Mobile operating systems like Android offer a Rich Execution Environment (REE), providing a hugely extensive and versatile runtime environment, which allows apps to run on the device. However, while bringing flexibility and capability, REE leaves devices vulnerable to a wide range of security threats. A Trusted Execution Environment (TEE) is designed to reside alongside the REE and provide a safe area on the device to protect assets and to execute trusted code. Qualcomm makes use of a secure virtual processor, which is often referred to as the “secure world”, in comparison to the “non-secure world”, where REE resides. 

But Check Point “fuzzed” a “hole” into this secure world 

In a 4-month research project, Check Point researchers attempted and succeeded to reverse Qualcomm’s “Secure World” operating system. Check Point researchers leveraged a “fuzzing” technique to expose the hole. Fuzz testing (fuzzing) is a quality assurance technique used to discover coding errors and security loopholes in software, operating systems or networks. It involves inputting massive amounts of random data, called fuzz, to the test subject in an attempt to make it crash.

Check Point implemented a custom-made fuzzing tool, which tested trusted code on Samsung, LG, and Motorola devices. Through fuzzing, Check Point found 4 vulnerabilities in trusted code implemented by Samsung (including S10), 1 in Motorola, 1 in LG, but all code sourced by Qualcomm itself. To address the vulnerability, the runtime of Android needs to be protected from both attackers and users. This is typically achieved by moving the secure storage software to a hardware-supported TEE.

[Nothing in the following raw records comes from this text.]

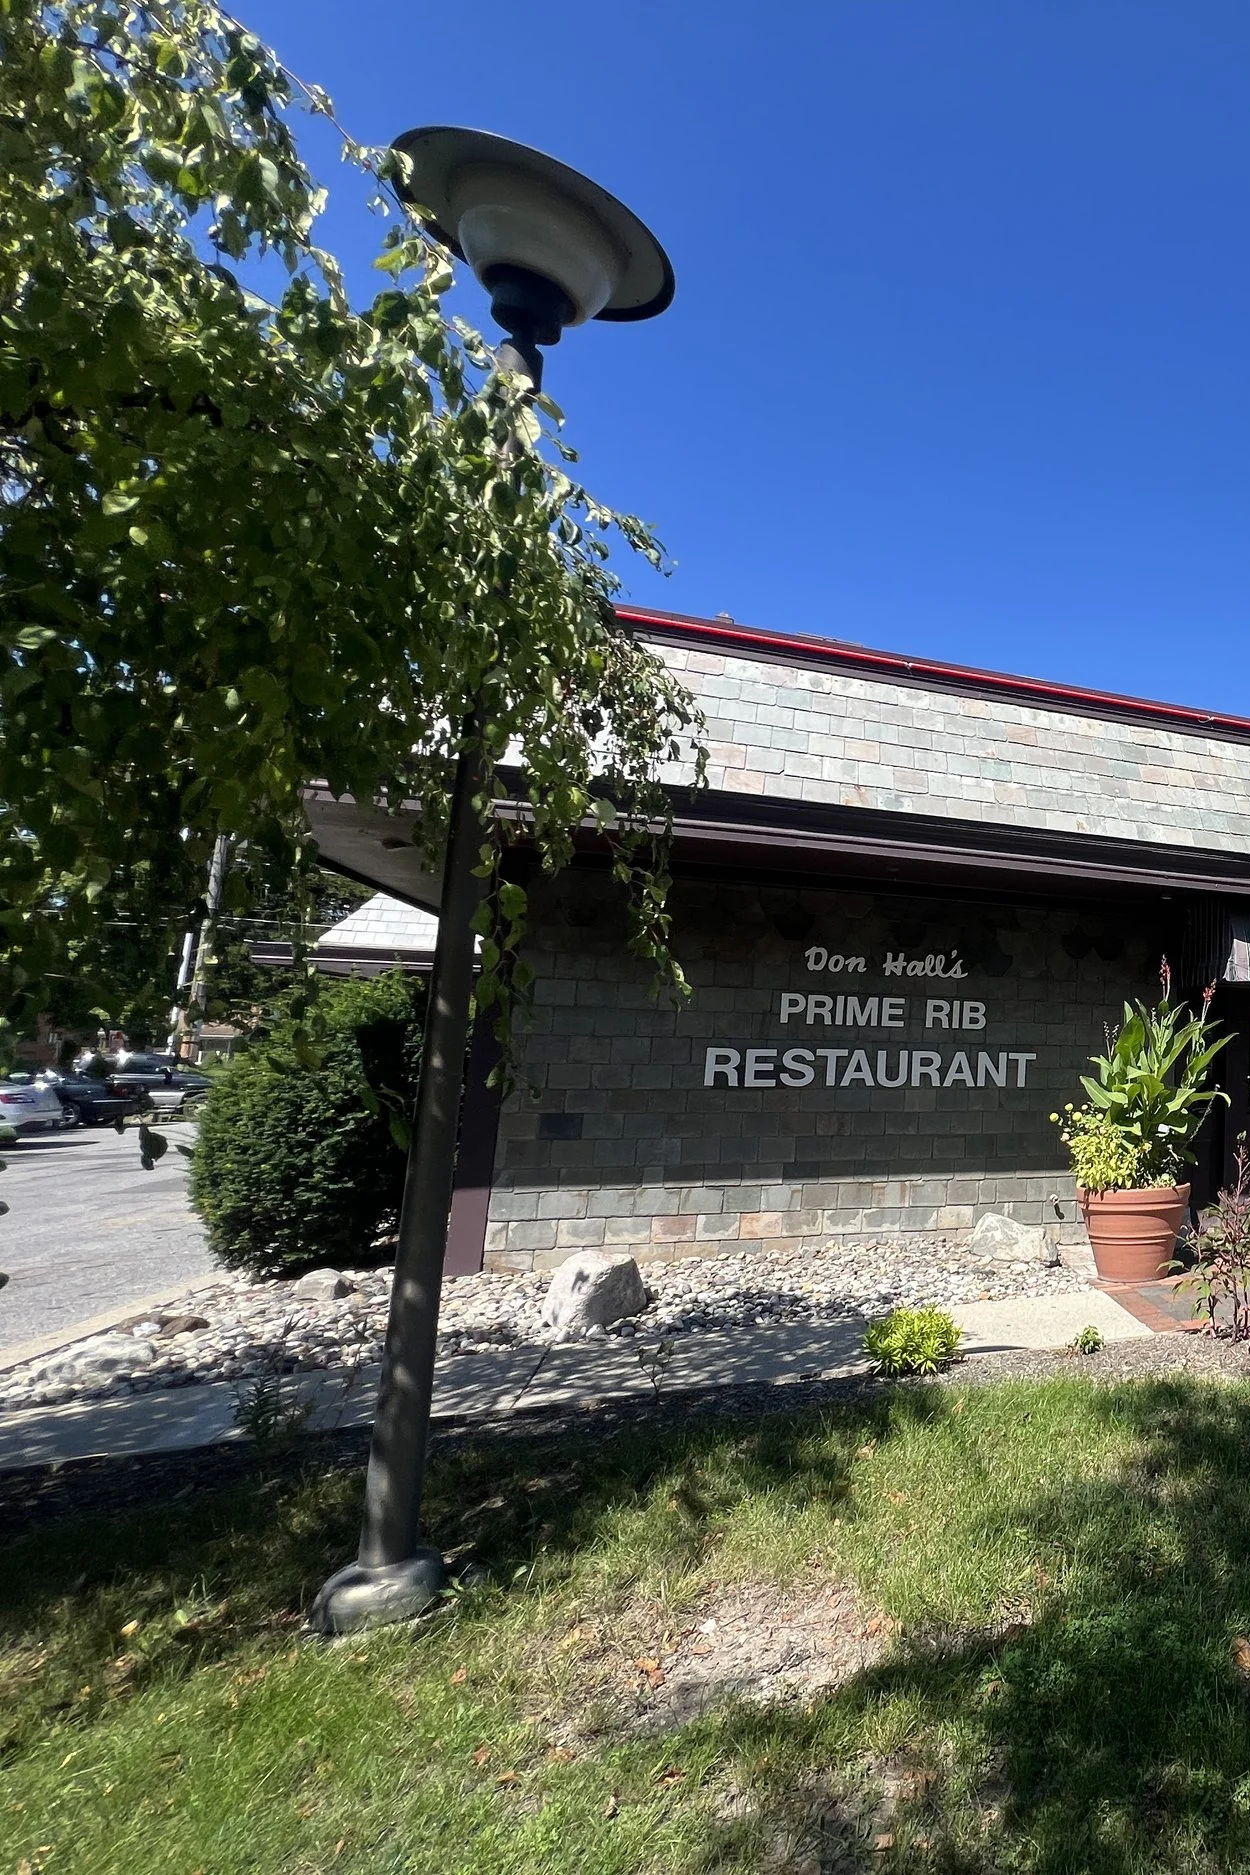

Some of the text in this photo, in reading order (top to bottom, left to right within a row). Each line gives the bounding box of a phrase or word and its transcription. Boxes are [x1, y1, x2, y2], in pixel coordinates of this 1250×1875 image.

[804, 945, 969, 979] Don Hall's
[779, 992, 987, 1030] PRIME RIB
[703, 1047, 1037, 1088] RESTAURANT
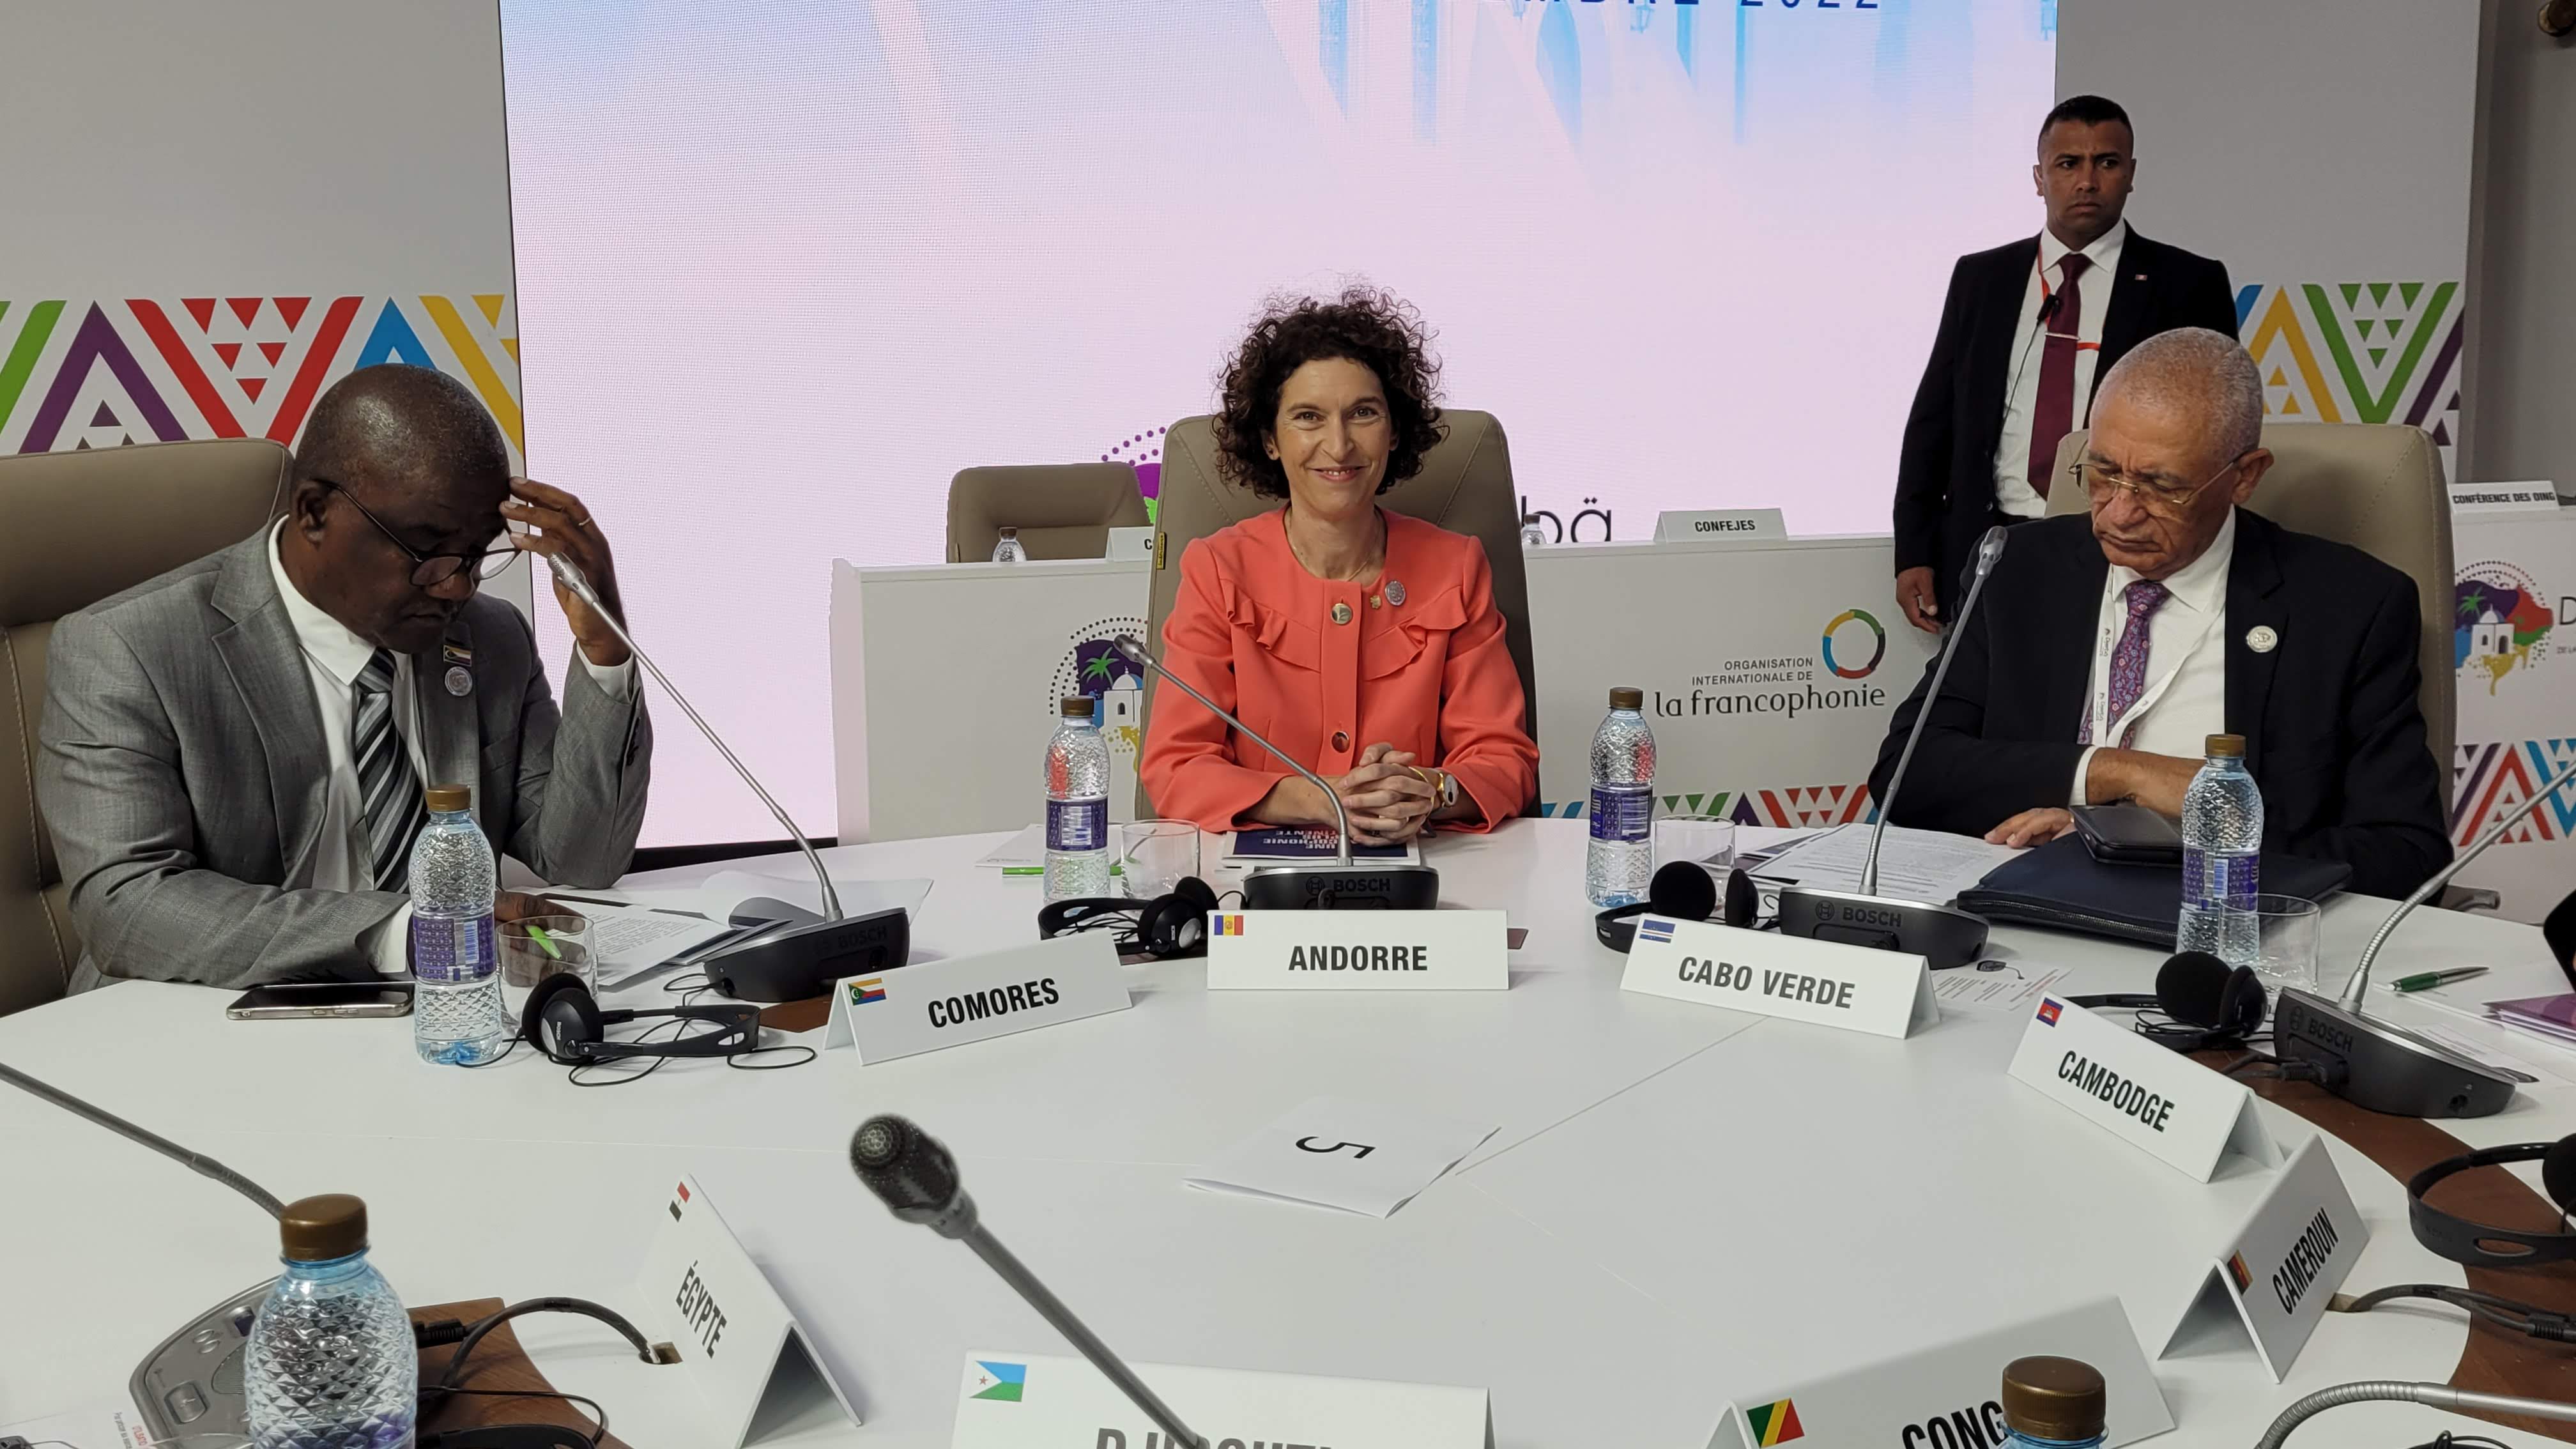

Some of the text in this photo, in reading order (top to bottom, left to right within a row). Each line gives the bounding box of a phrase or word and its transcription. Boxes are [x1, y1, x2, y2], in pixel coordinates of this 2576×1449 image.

[2453, 493, 2511, 504] CONFÉRENCE
[2513, 493, 2531, 502] DES
[1694, 519, 1756, 532] CONFEJES
[1724, 657, 1813, 671] ORGANISATION
[1692, 671, 1813, 686] INTERNATIONALE DE
[1655, 683, 1886, 719] la francophonie
[1333, 877, 1391, 893] BOSCH
[1843, 907, 1903, 928] BOSCH
[838, 926, 887, 949] BOSCH
[1288, 946, 1429, 972] ANDORRE
[1678, 956, 1855, 1009] CABO VERDE
[928, 977, 1060, 1029] COMORES
[2308, 1021, 2353, 1054] BOSCH
[2057, 1050, 2175, 1133] CAMBODGE
[1296, 1136, 1376, 1160] 5
[2272, 1206, 2340, 1315] CAMEROUN
[675, 1259, 728, 1360] ÉGYPTE
[1902, 1400, 2009, 1449] CONG
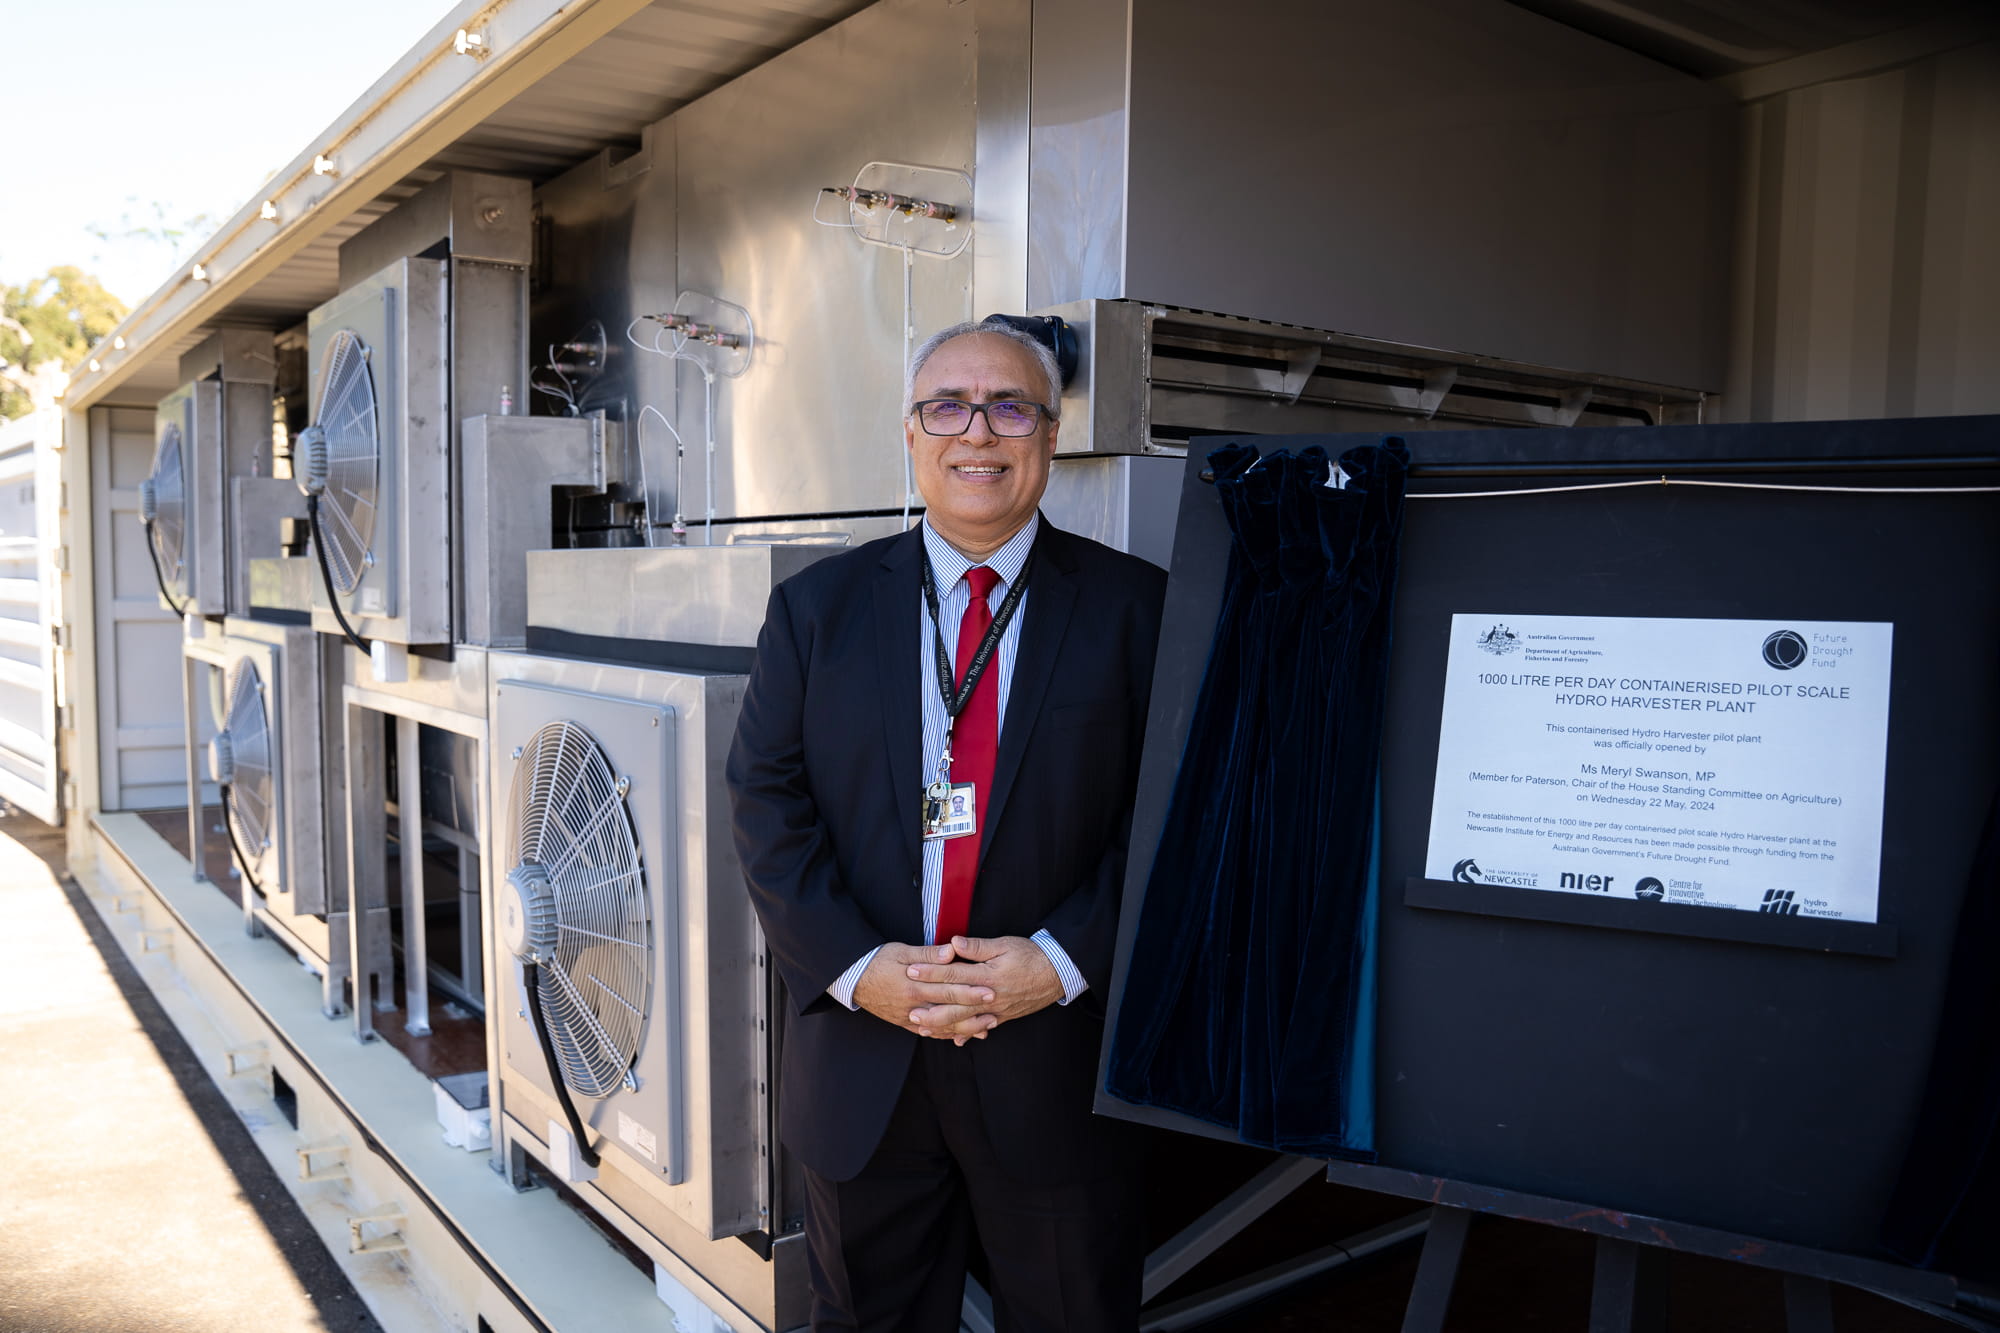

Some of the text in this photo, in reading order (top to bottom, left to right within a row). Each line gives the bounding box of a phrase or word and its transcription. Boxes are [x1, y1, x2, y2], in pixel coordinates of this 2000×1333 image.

Check Point Research disclosed its findings directly to the companies and gave them time to patch vulnerabilities. Samsung patched three vulnerabilities and LG patched one. Motorola and Qualcomm responded, but have yet to provide a patch, and there is no confirmation of a release date yet.

Check Point Research has urged mobile phone users to stay vigilant and check their credit and debit card providers for any unusual activity. In the meantime, they are working with the vendors mentioned to issue patches.